I bet your first reaction was "Yes!"
And then your brain immediately said, Wait - what are the details? is there a catch? If we talk about it that might make it real. We'll just get excited about something impossible. I don't have time right now.
Naaaaah. Thanks anyway. I need to go re-arrange my sock drawer, I've been putting it off.
See how this works?
I have known for awhile, and you probably do, too, that fear stops us from doing many things. More things than we can imagine, really.
Fear on autopilot = habits our brain thinks are keeping us "safe".
Here is what I did not know a couple of weeks ago - part of our brain is hard-wired to hesitate.

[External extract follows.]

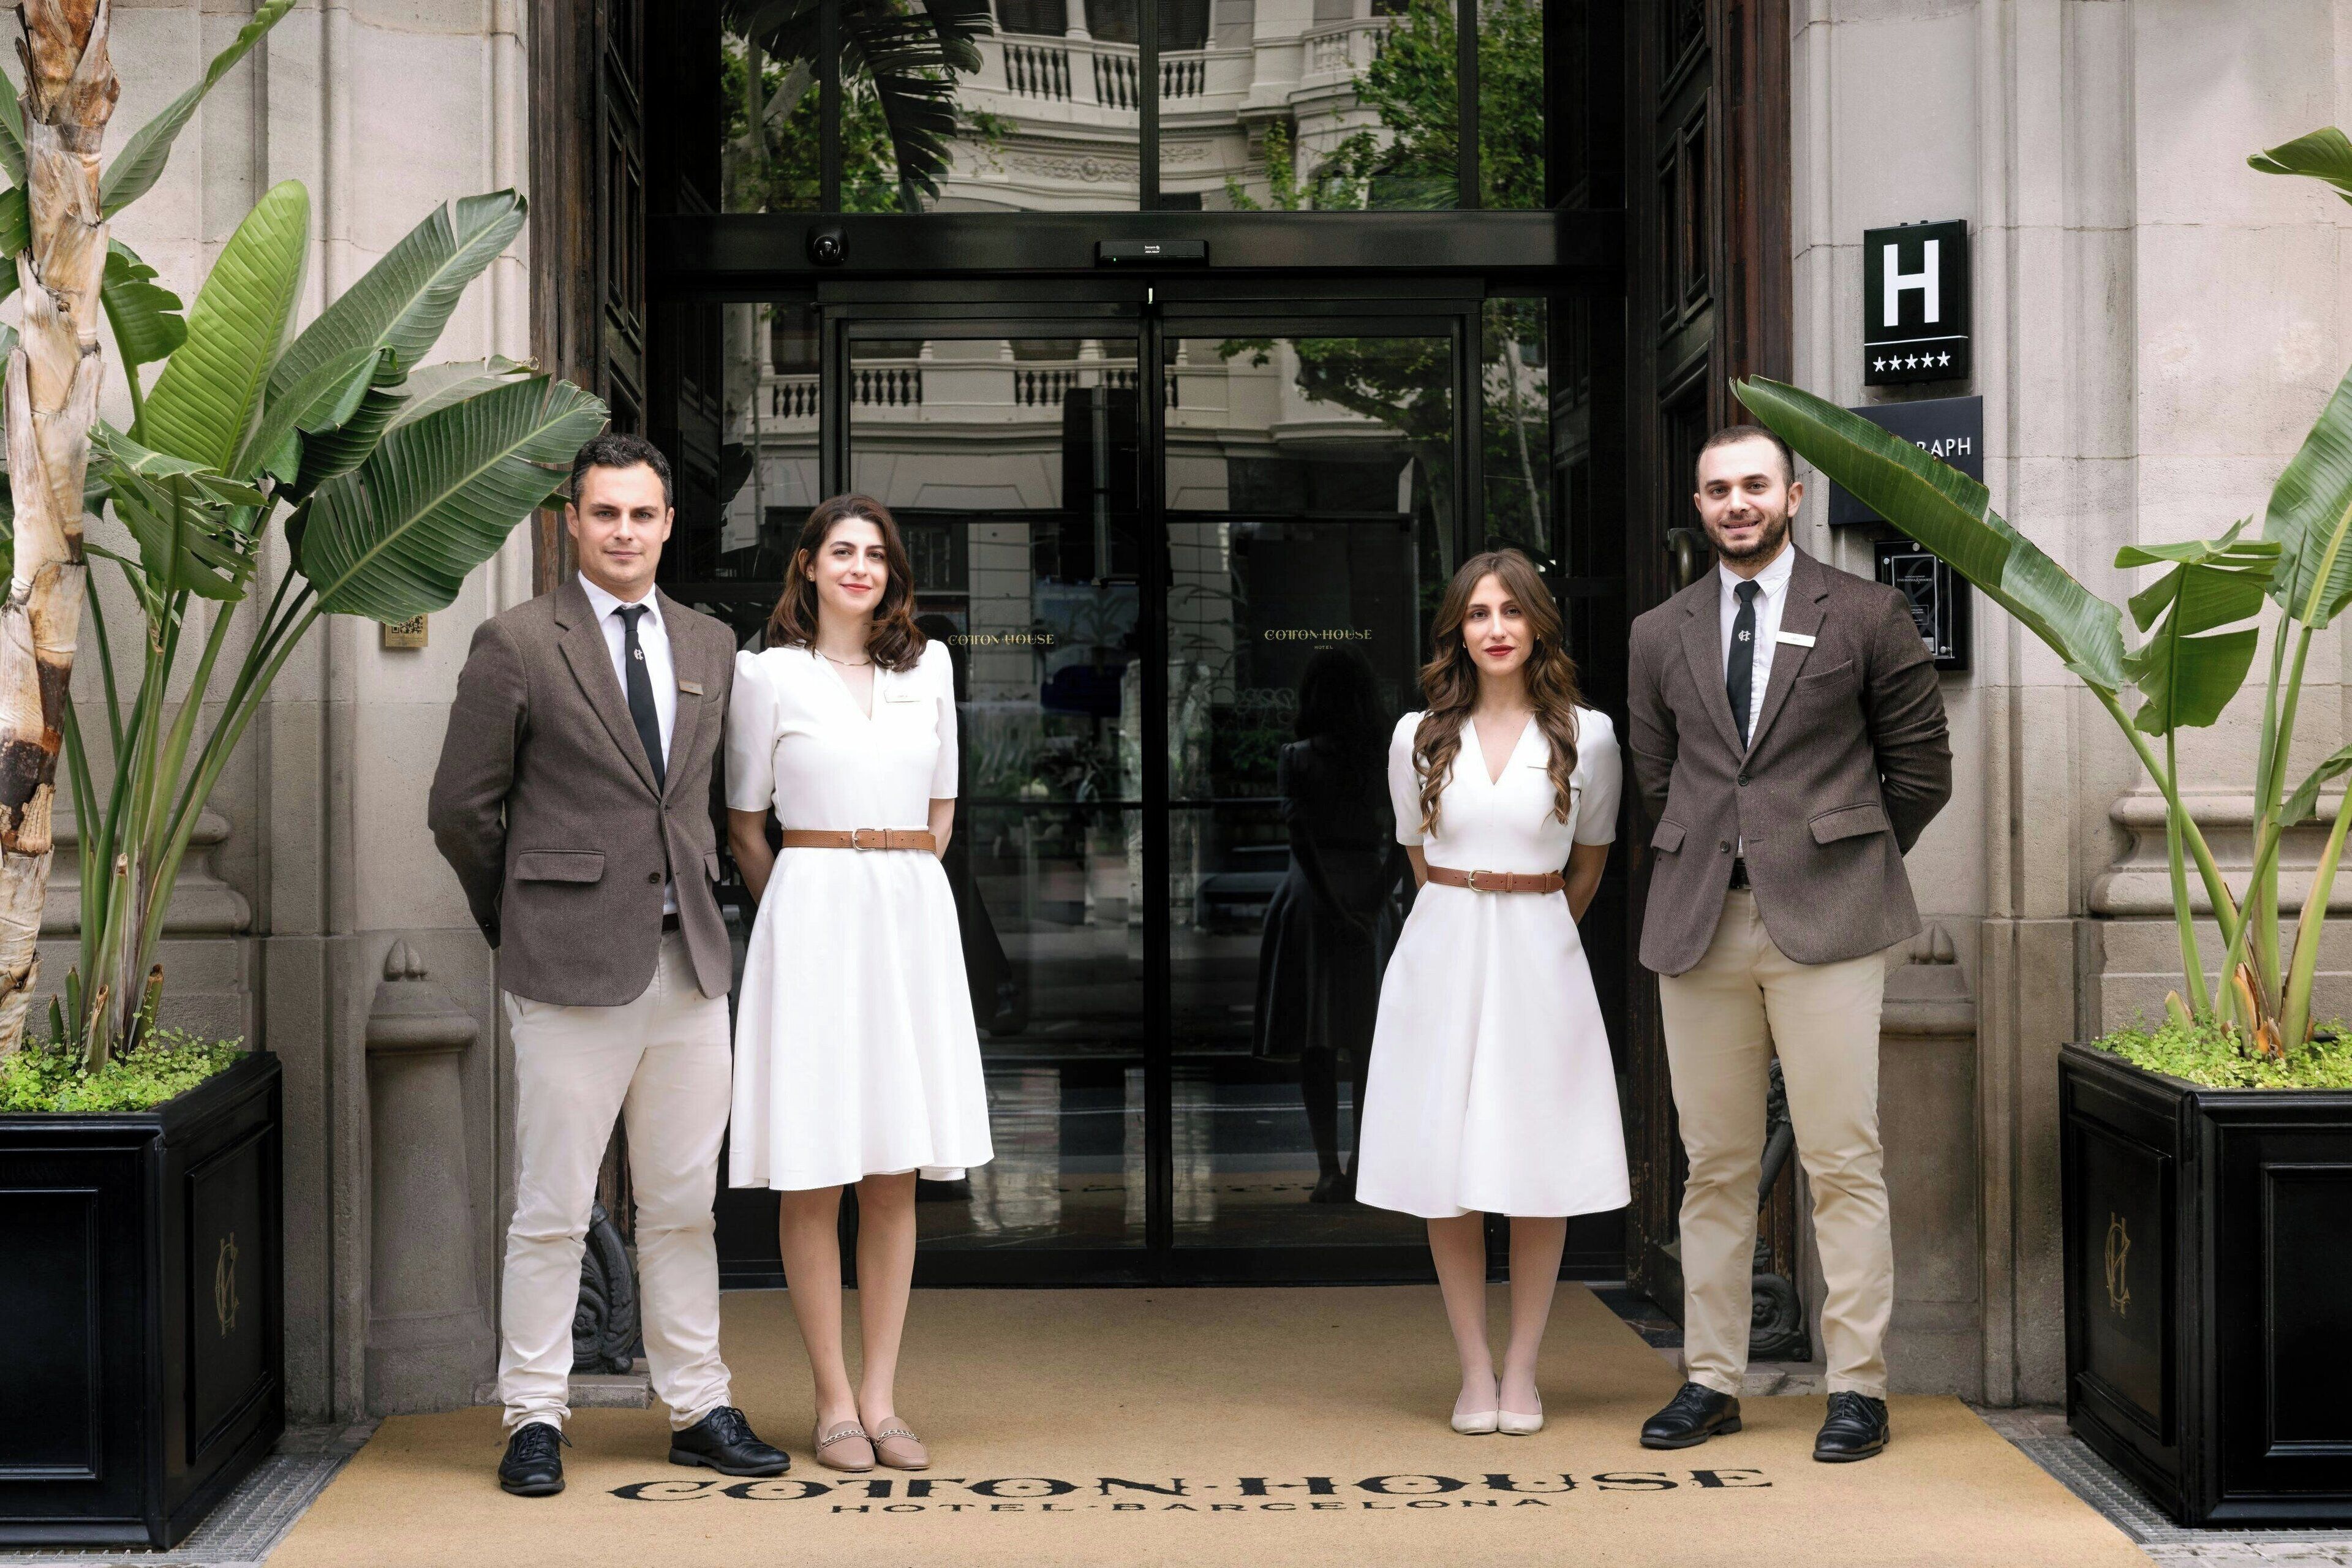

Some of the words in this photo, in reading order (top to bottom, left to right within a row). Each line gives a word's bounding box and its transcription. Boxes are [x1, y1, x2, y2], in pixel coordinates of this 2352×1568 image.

[1883, 239, 1940, 328] H
[1234, 1469, 1773, 1496] HOUSE
[831, 1503, 1076, 1513] HOTEL
[1112, 1499, 1549, 1512] BARCELONA

If it senses we are contemplating something new and different, stepping out, it will kill our initiative with hesitation while we "think about it".
This was to keep us alive in the days when stepping outside of our cave could get us eaten by a tiger in the bushes if we weren't careful.
The problem is that this section of our brain doesn't know the difference between the tiger in the bushes and what might happen if we take sign up for that new class, take that trip, start that blog, or take action on any other thing that is new and different today.
All our brain sees is the stress (perceived threat) associated with the action.
I imagine that women, as the main caretakers of children around the hunter-gatherer campsite, developed this tendency to hesitate - in the form of evaluating risks - to an even higher degree, keeping track of several things at once.
What to do about it.
In brief, this is what I've learned from a few different sources*:
This is how it works:
First, breathe deeply. This send oxygen upstairs and signals to our brain that its OK.
Second, procrastination is not a bad thing you do because you are bad. It is your brain trying to keep you safe. Don't take it personally.
Third, you are the boss of your brain, right? The way you change it is by taking fast action - like in 5 seconds - on things you are avoiding, and spending at least 5 - 10 minutes on that which you are avoiding. This is how you chase the tiger out of the bushes, because in reality, its just a mouse rustling around.
Fourth, baby steps are key. You could give your notice to a job you hate in 5 seconds, and I'm not going to say you shouldn't. If you've been unhappy for years it may be exactly the antidote. Deadlines work for a reason; quitting your job immediately gives you all sorts of real deadlines. But it also ratchets up your stress level.
Instead, you could turn a more prudent approach (see how nice that sounds?) into a platform for action (instead of an excuse not to act) by grabbing a piece of paper and list the top 3 things to do, now, to transition out of that job in 6 months. For example, start a savings account, update your resume, get help having that difficult money conversation with your partner, get serious about generating part time income from a passion or idea you have.
Then, what is the next fast action you can take on each step? Do that one. I bet after spending an hour of 5 second baby steps you will feel a little woozy and more alive than you have in weeks, months or even years.
This small shift towards a bias for action will change your life. Why? Because life is a series of small decisions, many of them we make on auto-pilot, also called habits.
Here is the piece that was missing from what I read. All of the advice was focused on individual change, and yes, change starts with you.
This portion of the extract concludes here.